Now that we’re past the ides and pies of March we can get down to the main attraction: March Madness.
For those outside the states, or who just manage to avoid all sports news, March Madness is the annual collegiate men’s basketball tournament that takes 68 teams and whittles them down to just one victor. The games started last night, but they’ll continue through the first week of April. It can be a lot of fun—but like most things fun when employment law gets involved, it can be a bit complicated. Here’s three employment law considerations to make sure everyone out there is playing safe.
1. Betting Pools
The biggest part of the madness of March Madness is the bracket. Everyone fills out a bracket hoping to predict the winner (some even try to get a perfect bracket from start to finish, the odds of which are 1 in 9.2 quintillion) which leaves plenty of chances for employees to place bets on the outcome of one game, one bracket, or the entire tournament. Last year it’s estimated that $9 billion was bet across the country on March Madness.
…Is any of this legal? The results are mixed. On the federal level, probably not; on the state level, it depends on the state. Participation in a bracket pool may violate at least two federal laws. NCAA bracket pools that are conducted across state lines (i.e. a company pool involving offices from several states) or which are managed online (the vast majority), could violate the Interstate Wire Act of 1961. There is a “fantasy sports” exception to that law, but bracket pools don’t seem to fit within that exception since they require the individual to bet on the outcomes of the games. Participation in these bracket pools may also violate the Professional and Amateur Sports Protection Act, which prohibits wagers on sports anywhere, except in certain grandfathered states (Nevada, Delaware, Oregon and Montana).
The safest protection, obviously, would be to prohibit gambling—NCAA or otherwise—in the workplace. But if you must, or just decide you want to, make sure your policy is clear. Brian Hall, who writes in for Employer Law Report, has a good write up on how a workplace could go about creating pools for sporting tournaments, but for specifically March Madness he advises:
As a bonus, with respect to NCAA bracket pools, the policy should require employees: (1) complete NCAA brackets on paper, instead of participating through online forums; (2) prohibit employees from participating in offices located across multiple states; (3) prohibit employees from using company equipment, including email or copiers, to operate the pool; (4) limit entry fees, e.g., to $20 or less; and, (5) ensure winnings go to the winner or a charitable organization. Another option is to allow employees to participate in a bracket pool for free, with the winner getting a prize instead of a monetary award.

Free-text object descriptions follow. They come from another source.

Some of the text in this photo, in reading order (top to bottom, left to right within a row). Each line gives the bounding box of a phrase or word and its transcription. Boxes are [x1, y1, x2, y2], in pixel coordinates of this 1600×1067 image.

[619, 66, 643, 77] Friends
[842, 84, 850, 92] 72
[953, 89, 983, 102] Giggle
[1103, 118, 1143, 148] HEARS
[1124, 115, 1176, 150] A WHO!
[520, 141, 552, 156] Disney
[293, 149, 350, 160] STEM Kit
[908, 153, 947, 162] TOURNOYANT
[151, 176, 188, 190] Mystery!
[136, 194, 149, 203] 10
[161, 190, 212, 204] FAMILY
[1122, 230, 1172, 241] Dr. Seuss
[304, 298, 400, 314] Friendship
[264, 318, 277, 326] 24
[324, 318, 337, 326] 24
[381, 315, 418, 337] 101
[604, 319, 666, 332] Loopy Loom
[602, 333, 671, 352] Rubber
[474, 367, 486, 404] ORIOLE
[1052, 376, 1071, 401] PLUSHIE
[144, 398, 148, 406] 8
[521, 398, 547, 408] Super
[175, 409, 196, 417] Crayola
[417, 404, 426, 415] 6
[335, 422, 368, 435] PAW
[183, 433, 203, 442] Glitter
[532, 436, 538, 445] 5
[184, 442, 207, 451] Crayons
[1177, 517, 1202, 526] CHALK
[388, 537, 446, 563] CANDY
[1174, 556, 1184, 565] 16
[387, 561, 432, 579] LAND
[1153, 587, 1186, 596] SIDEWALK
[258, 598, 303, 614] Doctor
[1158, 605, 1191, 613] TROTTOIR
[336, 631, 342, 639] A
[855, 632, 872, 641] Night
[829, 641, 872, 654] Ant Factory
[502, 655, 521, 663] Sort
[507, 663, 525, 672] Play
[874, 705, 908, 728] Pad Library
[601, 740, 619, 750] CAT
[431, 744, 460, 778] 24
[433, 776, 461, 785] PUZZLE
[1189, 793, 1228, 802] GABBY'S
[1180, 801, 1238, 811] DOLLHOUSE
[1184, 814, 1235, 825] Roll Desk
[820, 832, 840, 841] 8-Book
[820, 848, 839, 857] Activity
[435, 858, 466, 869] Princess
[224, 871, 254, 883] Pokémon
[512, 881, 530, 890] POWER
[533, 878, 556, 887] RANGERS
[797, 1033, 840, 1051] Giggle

The odds that you’ll have a problem with your office’s pool may not be as low as getting a perfect bracket, but there’s still a chance that there could be hurt feelings or even whistleblower issues down the line. So it’s best to not take any backdoor cuts and just keep things above board.
2. Productivity Loss
With all that fun though, you’re going to get some productivity loss. One study last year concluded that with an estimated 50 million Americans participating in March Madness, companies stood to lose $1.2 billion for every unproductive work hour during the first week of the tournament—$134 million of which is lost in the first two days alone.

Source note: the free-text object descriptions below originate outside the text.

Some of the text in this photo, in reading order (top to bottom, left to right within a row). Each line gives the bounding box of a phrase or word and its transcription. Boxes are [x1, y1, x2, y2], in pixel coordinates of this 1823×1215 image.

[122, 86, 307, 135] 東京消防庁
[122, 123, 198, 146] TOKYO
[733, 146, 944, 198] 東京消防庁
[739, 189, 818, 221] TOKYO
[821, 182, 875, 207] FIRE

How’d that number get so high, you ask? Well where employers used to just be able to turn off a TV, they’re now combating the Internet, which allows employees to stream games, check scores, and research teams and stats for their bracket from their computer or even just their phone.
Tiffany Schmidt, who writes for the Minnesota Labor & Employment blog, notes that you can make clear to your employees that you have a firm policy regarding how March Madness will be tolerated:
Look at the culture of your Company, and determine ahead of time how you want to address the March Madness tournament. Remind employees of Company policies regarding absenteeism and abuse of sick leave. Supervise the employees and confirm they are getting their work accomplished. If the work is getting done, then maybe it isn’t the end of the world if they check out the scores online. However, if you find employees spending more time following the basketball games, than working, it is important to counsel them, they are there to work, and are being paid for doing a good job. If they continue, then discipline might be necessary. What is important though, is the Company sends a clear message and treats all employees the same.
Others, like Rachelle Hill of Virginia Employment Law Journal, don’t think your approach has to be against the tournament:
Consider embracing March Madness. By addressing it head-on, employers can turn an inevitable drain on productivity into a positive event for company morale and employee engagement. Employers can have events centered on the games, setup game viewing areas, consider providing lunch and have a (free to enter) office pool. Such events encourage interaction among employees that might typically not work together. Having the games on in a break area can also decrease the overall drain on the network from streaming. A company can also consider allowing employees to wear their team’s colors and have contests for the employee with the best team spirit.
Both Hill and Schmidt agree, however, that whatever your policy is it needs to be clear across the board while also making clear that no one will be reprimanded for not participating if they don’t want to.
3. The Players’ Employment Laws
This one will be out of your workplace, but it’s worth noting that the employment tide is shifting for the players that everyone is eagerly watching. For now student-athletes are required to be “amateurs” under the NCAA, which prevents them from receiving any money for their participation in school sports.
It’s an issue that’s been hotly debated for years now, and one that John Oliver touched on his HBO Show “Last Week Tonight” this past Sunday given that the ad revenue from the tournament this year will exceed $1 billion.
In that spirit, Tuesday, the day of the return to March Madness, will also represents a return to a different kind of court writes Travis Waldron for Think Progress:
The antitrust lawsuit over athlete compensation brought by former UCLA basketball star Ed O’Bannon returns to court Tuesday, when oral arguments will begin as the NCAA fights to overturn a decision it largely lost in August. Federal judge Claudia Wilken ruled then that the NCAA unlawfully restricts athletes’ rights to revenues from the use of their names, images, and likenesses in video games, television broadcasts, and other forms of publicity and as a result, schools will soon be able to offer future football and basketball players as much as $5,000 per year in additional benefits derived from broadcasting and other publicity revenues.
The O’Bannon case represented a significant, if not sweeping, victory for advocates of allowing college athletes to further share in the growing revenue pie they help create. The NCAA’s appeal, based on the idea that college athletes are “amateurs” who should not share in those revenues, asks the Ninth Circuit Court of Appeals to overturn the decision, and the importance of the case to NCAA officials could soon extend far beyond a single courtroom.
Those ruling won’t come until a while after when the lights are shut off and the net is cut, but will certainly have a more lasting impact. If athletes are given right to compensation, there’s not much restricting other extracurricular activity members like band, drama or orchestra from doing the same—which would dramatically change how next year’s March Madness runs.